Before usage, the comb was removed and the sample slots were washed with ddH₂O. The gel was then transferred to the electrophoresis chamber, which was filled with 1x GTS (Table 11). The electrophoresis was run at room temperature at 80 V until the samples reached the separation gel. If the samples moved evenly through the gel, the voltage was then increased to 120 V. Otherwise it was either slightly increased or not changed. The electrophoresis was stopped just before the dye front ran out.

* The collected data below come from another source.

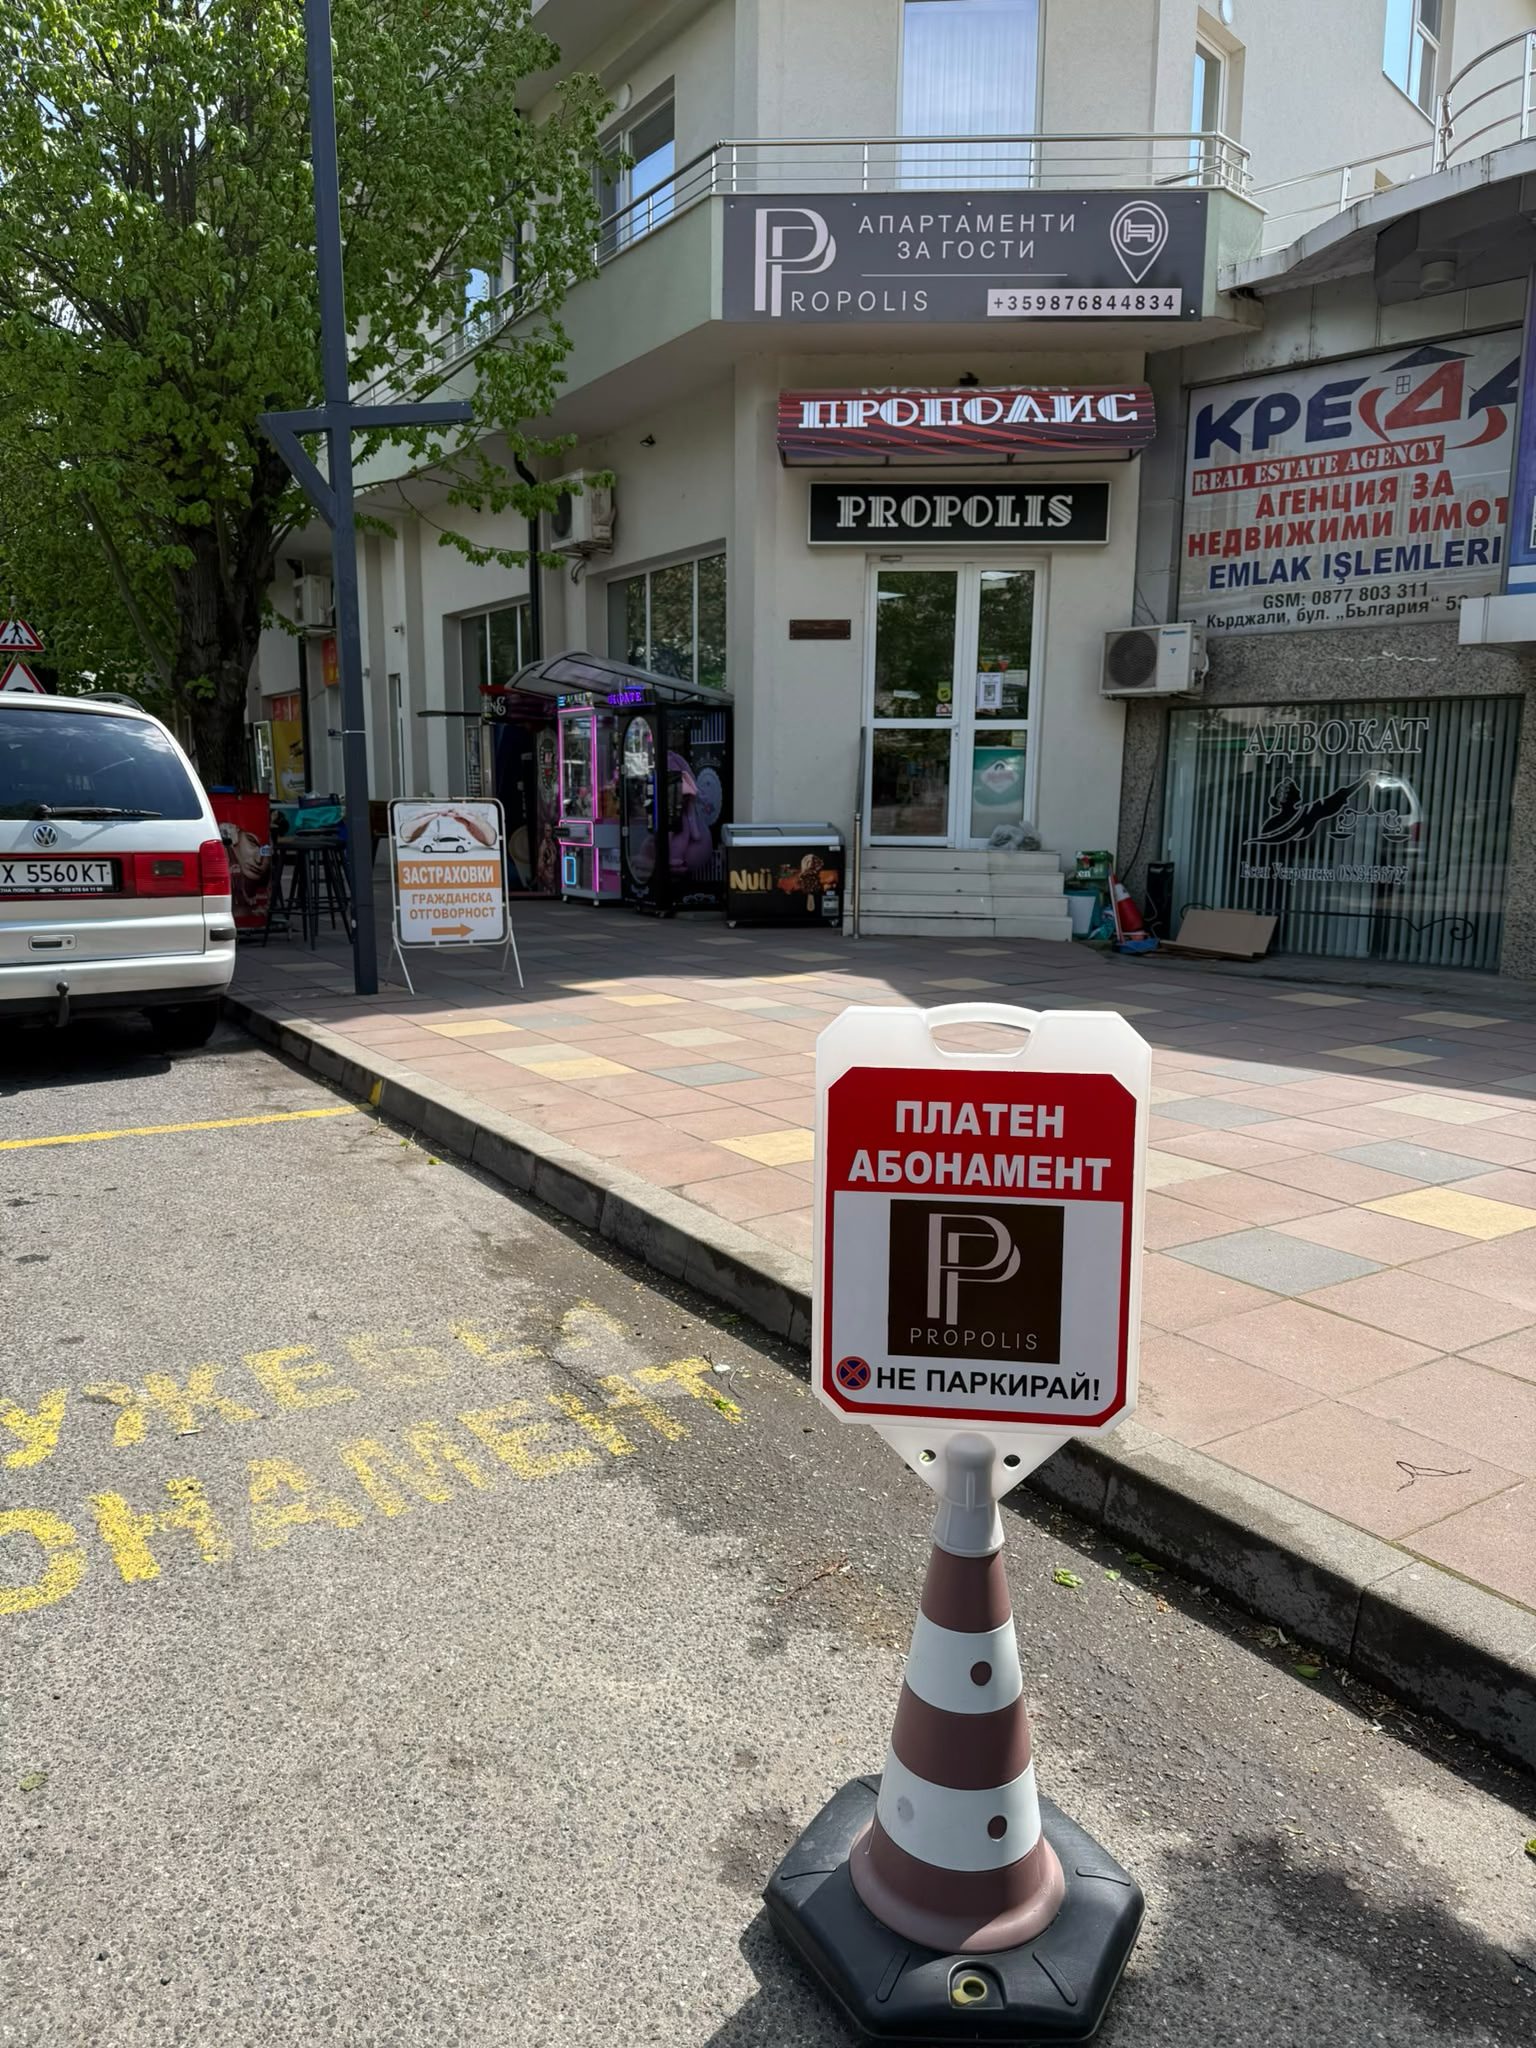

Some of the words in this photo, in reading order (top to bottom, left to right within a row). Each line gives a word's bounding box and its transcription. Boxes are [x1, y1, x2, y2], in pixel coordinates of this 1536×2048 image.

[858, 214, 1076, 234] АПАРТАМЕНТИ
[897, 241, 937, 260] ЗА
[942, 240, 1035, 260] ГОСТИ
[993, 294, 1176, 312] +359876844834
[798, 393, 1138, 429] ПРОПОЛИС
[1193, 468, 1249, 494] REAL
[1255, 454, 1338, 484] ESTATE
[1344, 438, 1443, 472] AGENCY
[1255, 476, 1398, 519] АГЕНЦИЯ
[1413, 469, 1454, 499] ЗА
[836, 495, 1073, 529] PROPOLIS
[1187, 511, 1393, 558] НЕДВИЖИМИ
[1209, 555, 1312, 590] EMLAK
[1263, 593, 1306, 610] GSM:
[1312, 588, 1353, 606] 0877
[1359, 585, 1393, 602] 803
[1397, 581, 1429, 600] 311
[1206, 607, 1291, 632] Кърджали,
[1297, 605, 1330, 626] бул.
[1244, 717, 1430, 765] АДВОКАТ
[2, 864, 16, 884] X
[27, 864, 78, 883] 5560
[82, 864, 108, 882] KT
[403, 865, 494, 884] ЗАСТРАХОВКИ
[409, 906, 496, 920] ОТГОВОРНОСТ
[411, 891, 493, 906] ГРАЖДАНСКА
[896, 1100, 1064, 1139] ПЛАТЕН
[848, 1149, 1111, 1191] АБОНАМЕНТ
[910, 1327, 1038, 1351] PROPOLIS
[877, 1367, 917, 1391] НЕ
[927, 1369, 1100, 1401] ПАРКИРАЙ!

Table 15 Composition of western blot gels

Separation gel 10 % Separation gel 15 %

Stacking gel

40 % Acrylamide 5 ml 7.6 ml 1.28 ml

2 % Bis-acrylamide 1.32 ml 1.88 ml 0.7 ml

H₂O 6.12 ml 4 ml 5.5 ml

20 % SDS 100 μl 100 µl 50 μl

1M Tris-Cl (pH 8.7) 7.52 ml 7.52 ml –

0.5M Tris-Cl (pH 6.8)

– – 2.46 ml

TEMED 20 μl 20 μl 40 μl

10 % APS 100 μl 100 μl 80 μl

In order to enable access of specific antibodies to the proteins separated by SDS-PAGE, the wet immunoblot (tank blot) technique was applied using a nitrocellulose membrane. For the transfer onto the membrane, the gel was taken out of the electrophoresis chamber and placed on the blotting module in the following order: blot module with negative terminal, sponge, two Whatman papers, gel, nitrocellulose membrane, two Whatman papers, sponge and blot module with positive terminal. Everything was prepared in 1x carbonate buffer and placed in the blotting chamber, which was filled with 1x carbonate buffer to the maximum.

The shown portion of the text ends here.